[SOURCE RECORDS — start]

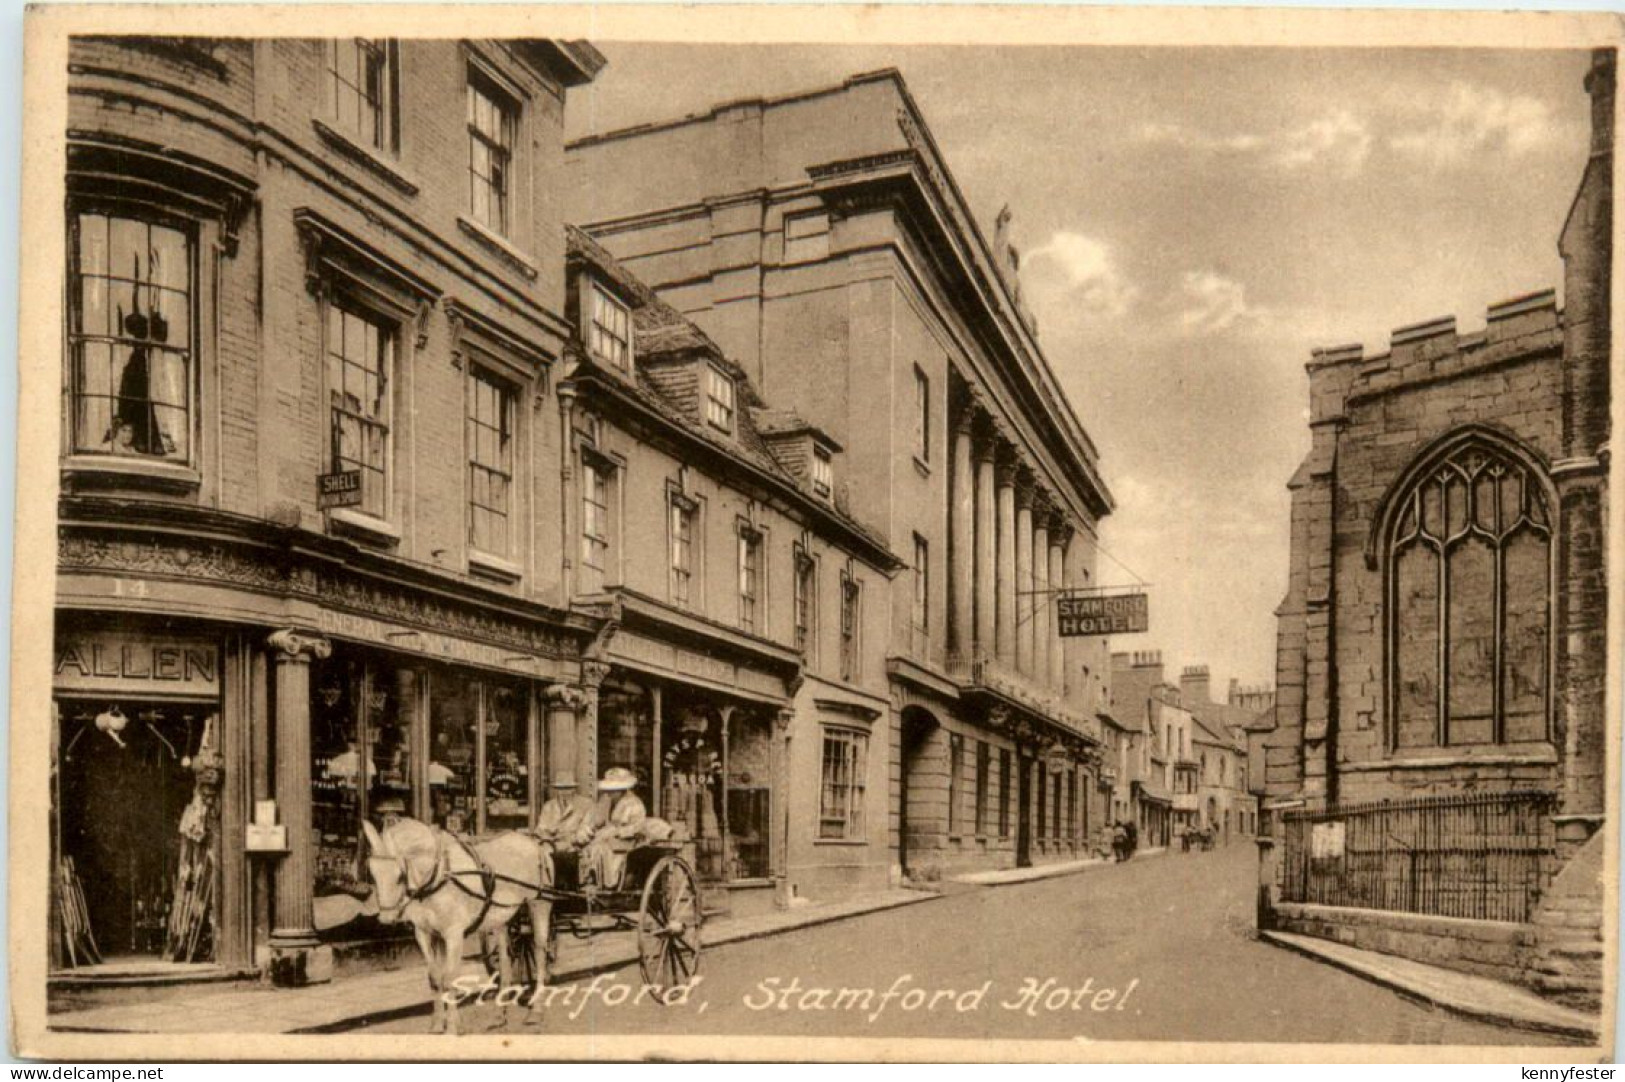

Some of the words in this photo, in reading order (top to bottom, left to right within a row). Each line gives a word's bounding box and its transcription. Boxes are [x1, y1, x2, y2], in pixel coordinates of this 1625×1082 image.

[324, 474, 357, 492] SHELL
[1060, 598, 1145, 617] STAMFORD
[1062, 615, 1140, 634] HOTEL
[53, 643, 215, 682] ALLEN
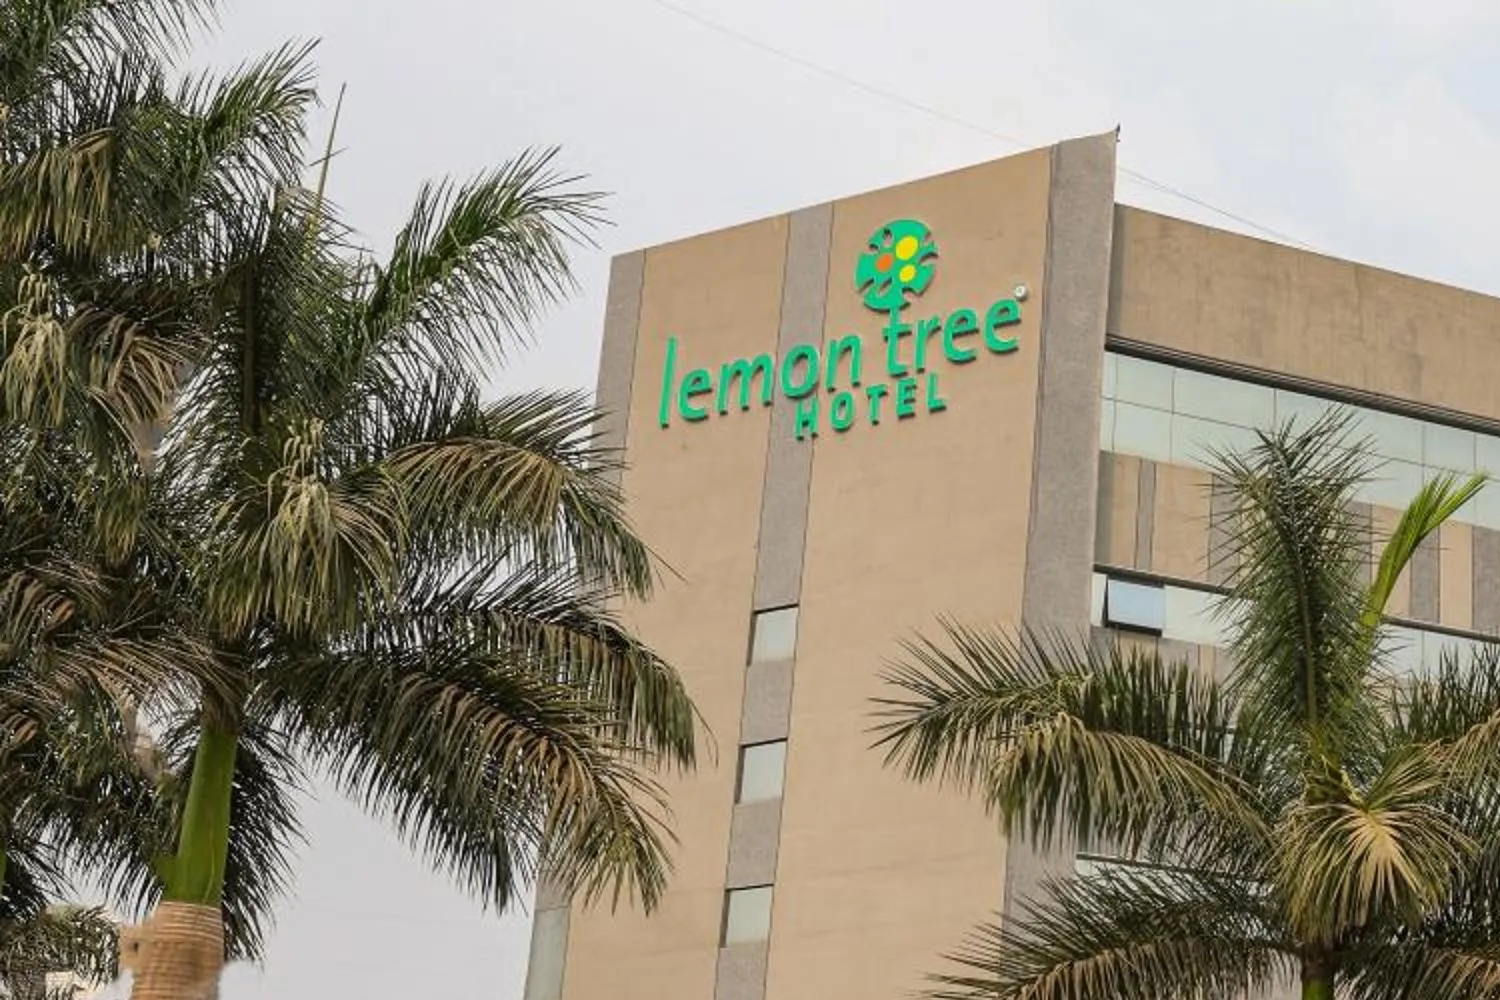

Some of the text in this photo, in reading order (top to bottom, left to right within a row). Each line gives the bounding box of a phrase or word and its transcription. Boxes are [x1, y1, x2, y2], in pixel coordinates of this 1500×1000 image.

[658, 298, 1022, 427] lemon tree
[794, 373, 946, 439] HOTEL
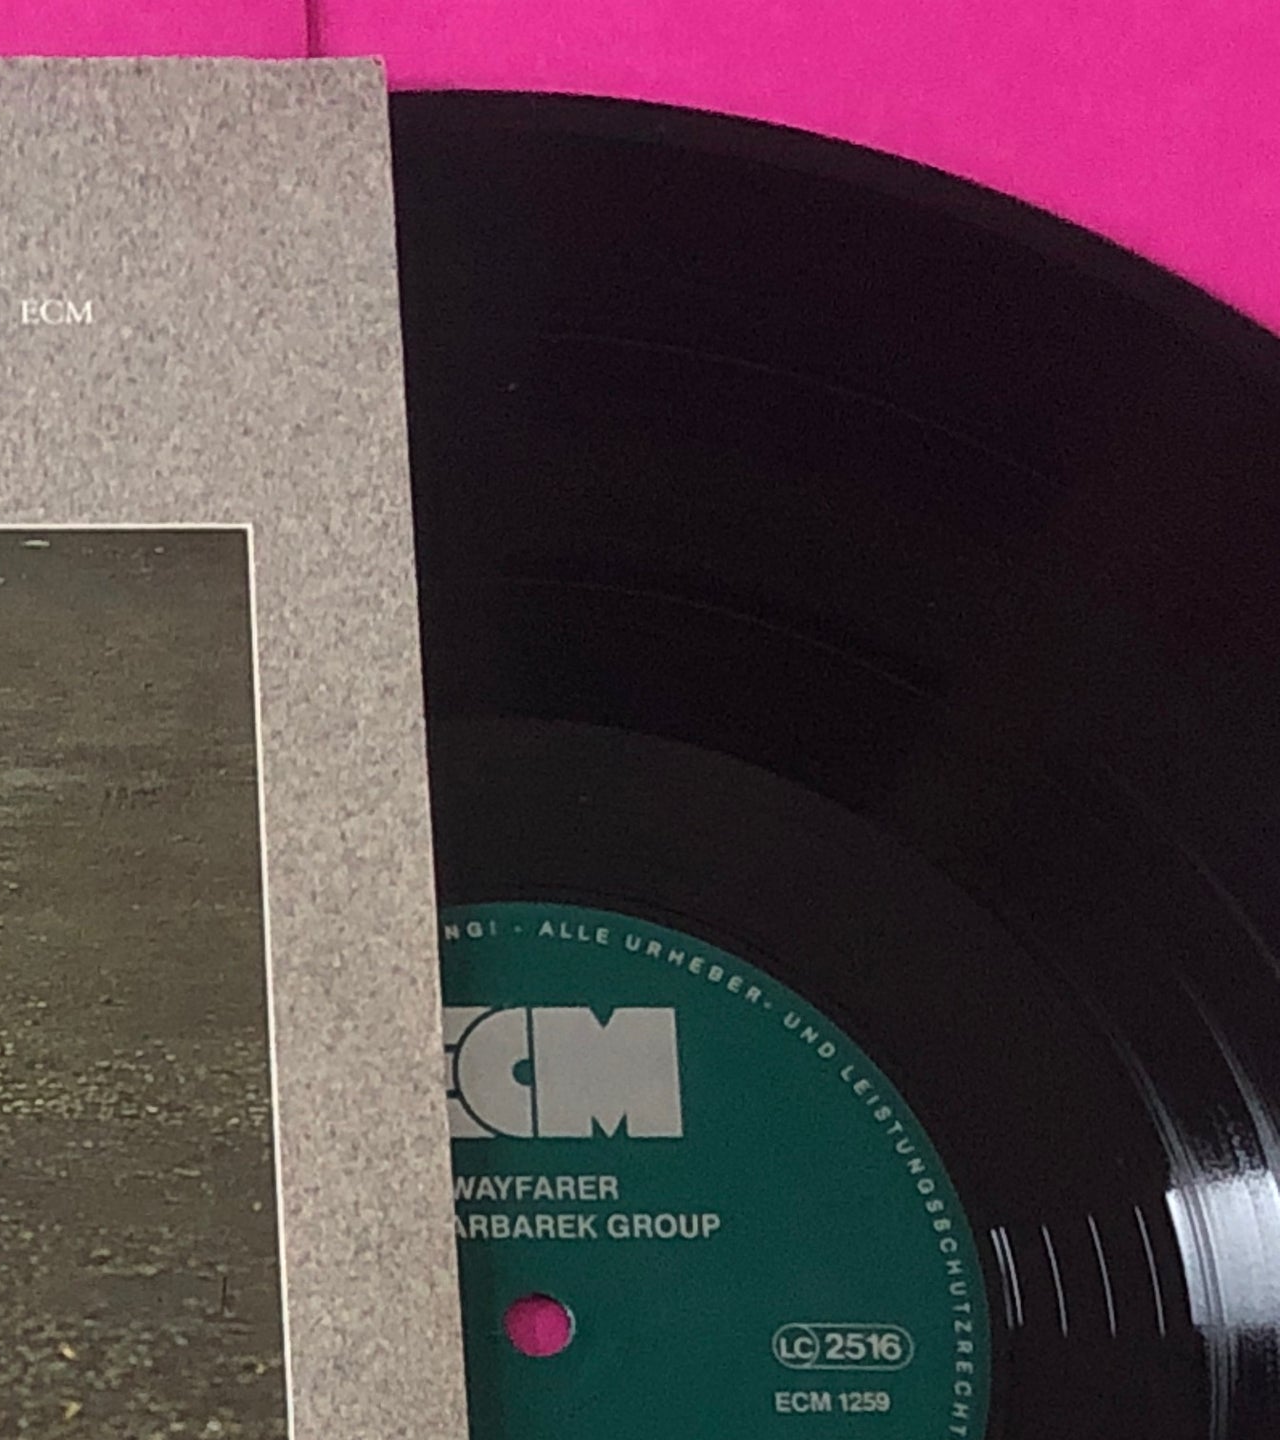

[SOURCE RECORDS — finish]

EXERCISE | The listing above is to be retyped word for word, with the pictures omitted.

OUTPUT |
Some of the words in this photo, in reading order (top to bottom, left to right within a row). Each line gives a word's bounding box and its transcription. Boxes are [x1, y1, x2, y2], in pixel coordinates of this 1625×1082 image.

[324, 474, 357, 492] SHELL
[1060, 598, 1145, 617] STAMFORD
[1062, 615, 1140, 634] HOTEL
[53, 643, 215, 682] ALLEN

Some of the text in this photo, in reading order (top to bottom, left to right within a row). Each line gives the bounding box of a phrase or word and its transcription. Boxes are [x1, y1, x2, y2], in pixel coordinates of this 1500×1000 image.

[658, 298, 1022, 427] lemon tree
[794, 373, 946, 439] HOTEL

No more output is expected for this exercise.